The FASB issued SFAS 166 (not yet reflected in FASB ASC), “Accounting for Transfers of Financial Assets – an amendment of FASB Statement No. 140,” (“SFAS 166”) in June 2009. SFAS 166 limits the circumstances in which a financial asset should be derecognized when the transferor has not transferred the entire financial asset by taking into consideration the transferor’s continuing involvement. The standard requires that a transferor recognize and initially measure at fair value all assets obtained (including a transferor’s beneficial interest) and liabilities incurred as a result of a transfer of financial assets accounted for as a sale. The concept of a qualifying special-purpose entity is removed from SFAS 140 along with the exception from applying FIN 46(R). The standard is effective for the first annual reporting period that begins after November 15, 2009, for interim periods within the first annual reporting period, and for interim and annual reporting periods thereafter. Earlier application is prohibited. The Company does not expect the standard to have any impact on the Company’s financial statements.
SFAS 167 (not yet reflected in FASB ASC), “Amendments to FASB Interpretation No. 46(R),” (“SFAS 167”) was also issued in June 2009. The standard amends FIN 46(R) to require a company to analyze whether its interest in a variable interest entity (“VIE”) gives it a controlling financial interest. A company must assess whether it has an implicit financial responsibility to ensure that the VIE operates as designed when determining whether it has the power to direct the activities of the VIE that significantly impact its economic performance.
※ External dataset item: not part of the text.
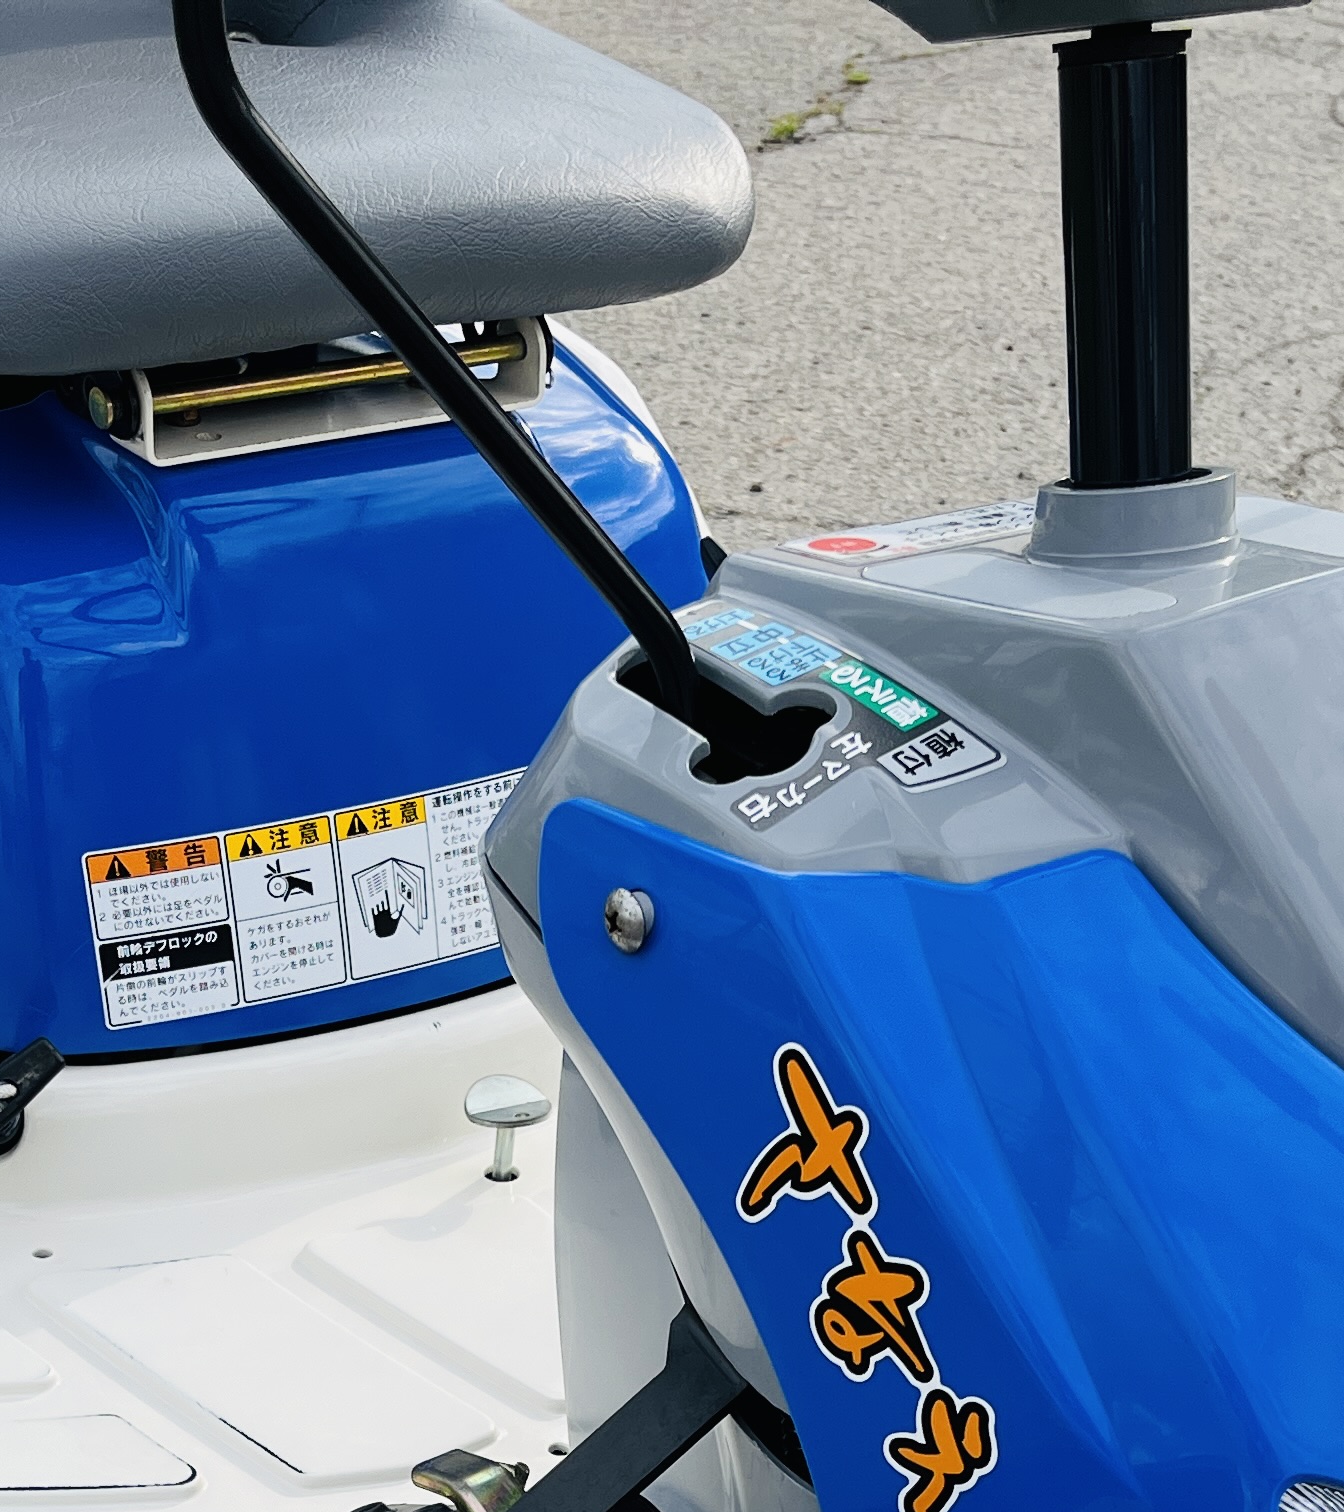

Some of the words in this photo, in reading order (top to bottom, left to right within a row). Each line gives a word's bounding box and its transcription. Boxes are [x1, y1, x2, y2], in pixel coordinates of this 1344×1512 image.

Ongoing reassessments of whether a company is the primary beneficiary is also required by the standard. SFAS 167 amends the criteria to qualify as a primary beneficiary as well as how to determine the existence of a VIE. The standard also eliminates certain exceptions that were available under FIN 46(R). SFAS 167 is effective as of the beginning of each reporting entity’s first annual reporting period that begins after November 15, 2009, for interim periods within that first annual reporting period, and for interim and annual reporting periods thereafter. Earlier application is prohibited. Comparative disclosures will be required for periods after the effective date. The Company does not expect the standard to have any impact on the Company’s financial position.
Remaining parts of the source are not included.